[Collection entries]

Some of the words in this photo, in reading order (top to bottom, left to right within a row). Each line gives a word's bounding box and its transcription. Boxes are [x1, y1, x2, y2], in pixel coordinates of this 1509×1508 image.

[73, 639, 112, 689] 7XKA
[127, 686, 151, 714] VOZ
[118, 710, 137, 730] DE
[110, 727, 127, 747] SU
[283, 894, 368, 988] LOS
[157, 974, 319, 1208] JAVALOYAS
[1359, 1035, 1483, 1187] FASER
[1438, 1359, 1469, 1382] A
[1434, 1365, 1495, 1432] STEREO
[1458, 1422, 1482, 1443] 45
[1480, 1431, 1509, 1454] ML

→ **EXERCISE DIRECTIONS**
Line by line, please copy the records above exactly.

→ **ANSWER SPACE**
Some of the words in this photo, in reading order (top to bottom, left to right within a row). Each line gives a word's bounding box and its transcription. Boxes are [x1, y1, x2, y2], in pixel coordinates of this 1509×1508 image.

[73, 639, 112, 689] 7XKA
[127, 686, 151, 714] VOZ
[118, 710, 137, 730] DE
[110, 727, 127, 747] SU
[283, 894, 368, 988] LOS
[157, 974, 319, 1208] JAVALOYAS
[1359, 1035, 1483, 1187] FASER
[1438, 1359, 1469, 1382] A
[1434, 1365, 1495, 1432] STEREO
[1458, 1422, 1482, 1443] 45
[1480, 1431, 1509, 1454] ML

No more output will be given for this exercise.